China on Thursday pledged to extend limits on new home purchases to smaller cities as authorities step up efforts to cool the country's red-hot real estate market.
The State Council, or cabinet, said it would tighten existing property restrictions in cities that have seen excessive price rises to push them "back to reasonable levels".
"Now is a critical moment for property curbs. (We) must not swerve or relax the strength of enforcement," the State Council said in a statement after a meeting chaired by Premier Wen Jiabao.
The cabinet also renewed calls for local governments to start work on up to 10 million state-subsidised apartments by the end of November, adding that construction on half of the target had started by the end of June.
China has introduced a range of measures aimed at reducing house prices since late 2009, such as bans on buying second homes in some cities, hiking minimum downpayments and trialling property taxes in Shanghai and Chongqing.
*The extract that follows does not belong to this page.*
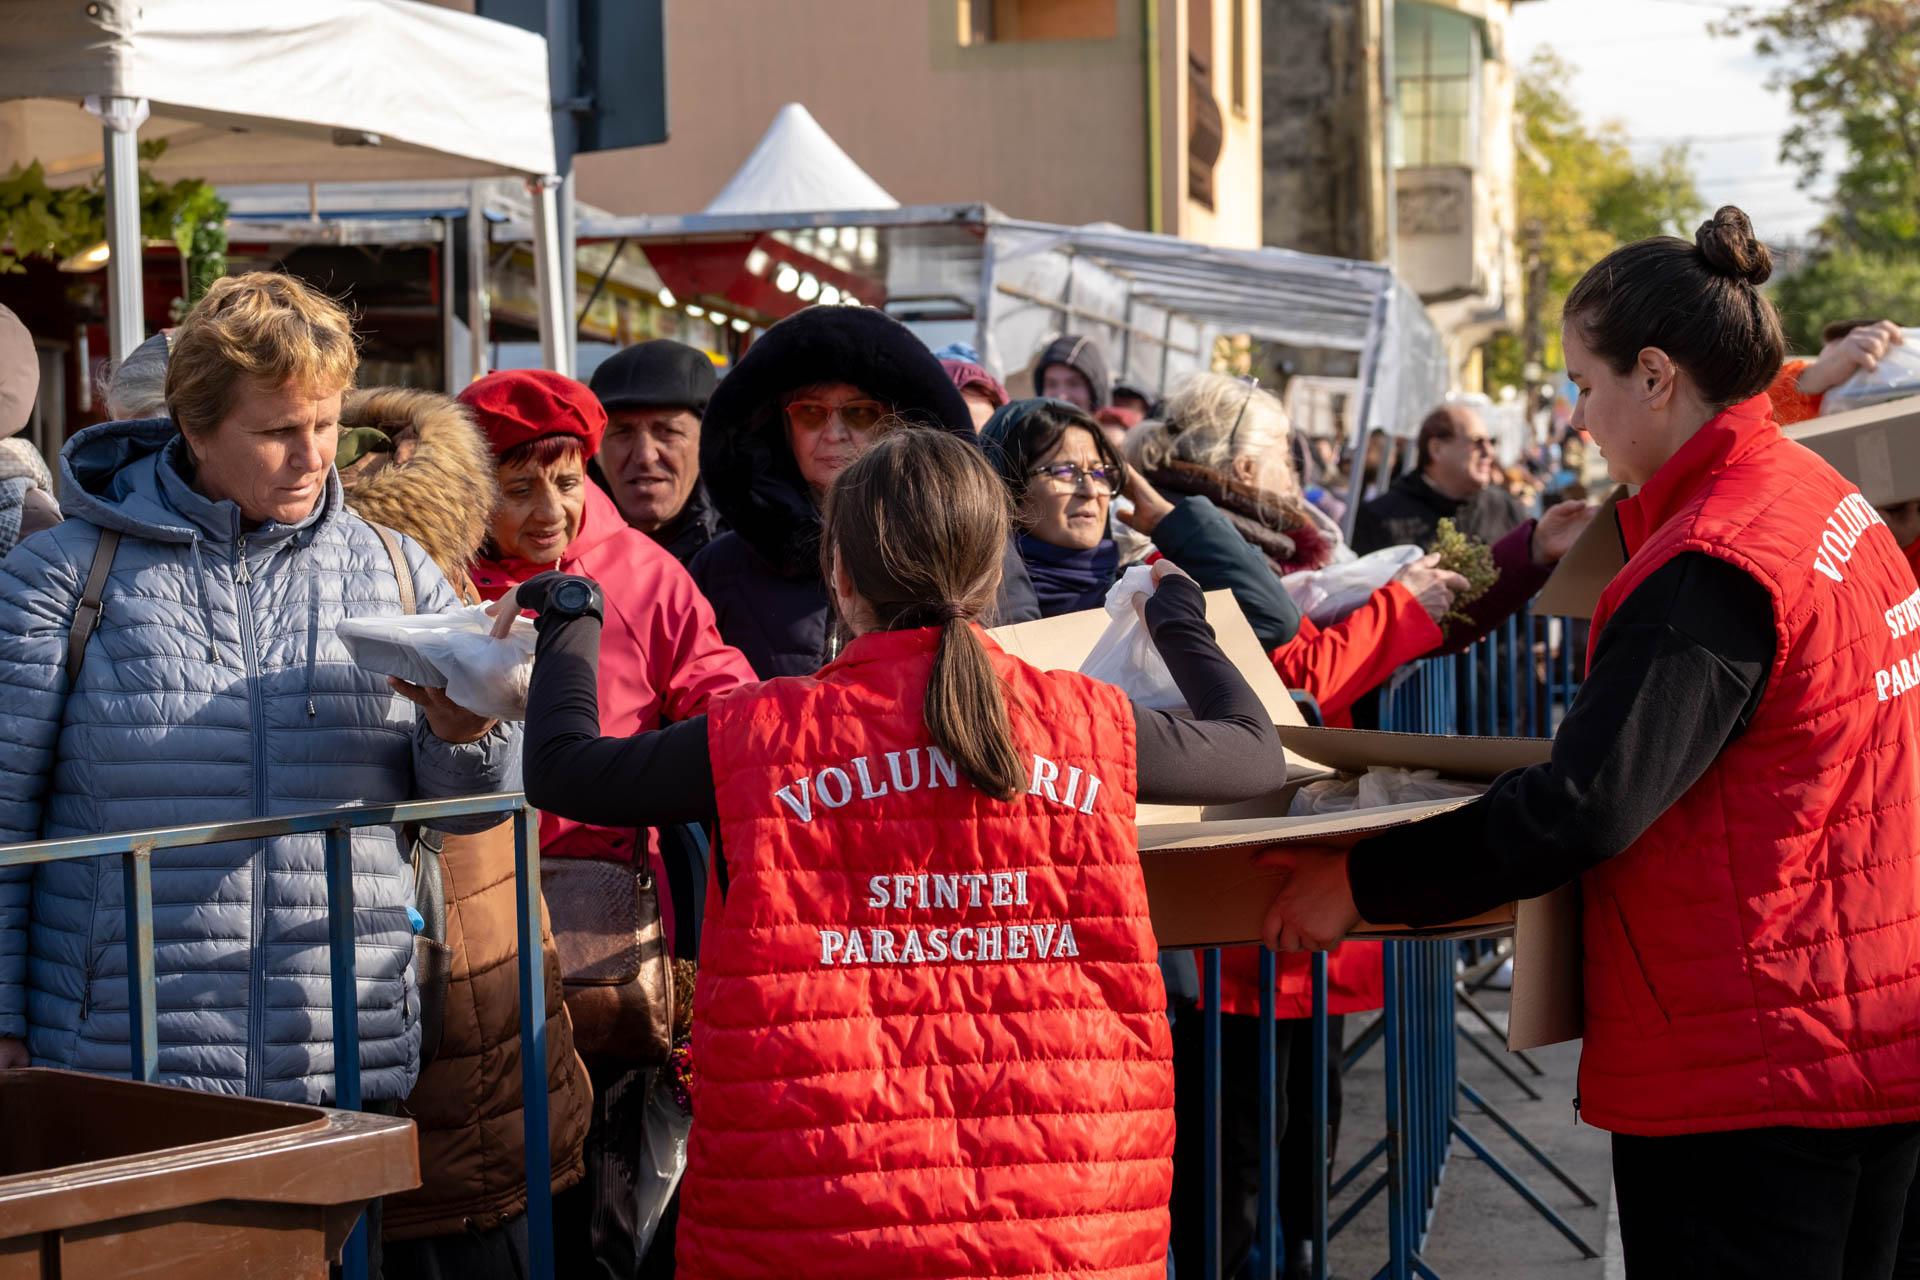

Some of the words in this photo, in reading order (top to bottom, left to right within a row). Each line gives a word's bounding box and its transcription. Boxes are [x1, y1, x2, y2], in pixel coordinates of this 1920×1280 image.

Beijing is worried that very high property prices, along with soaring food costs, could trigger social unrest as first-home buyers struggle to get a foot in the market.
To tame inflation, the central bank has been trying to stem a flood of credit in the economy by raising interest rates five times since October and increasing the amount of money banks must keep in reserve numerous times.
But official data shows property sales and investment remain strong.
Investment in property development rose 32.9 percent on year to 2.6 trillion yuan ($405.7 billion) in the first half, while sales in terms of floor space increased 12.9 percent in the same period, government data showed Wednesday.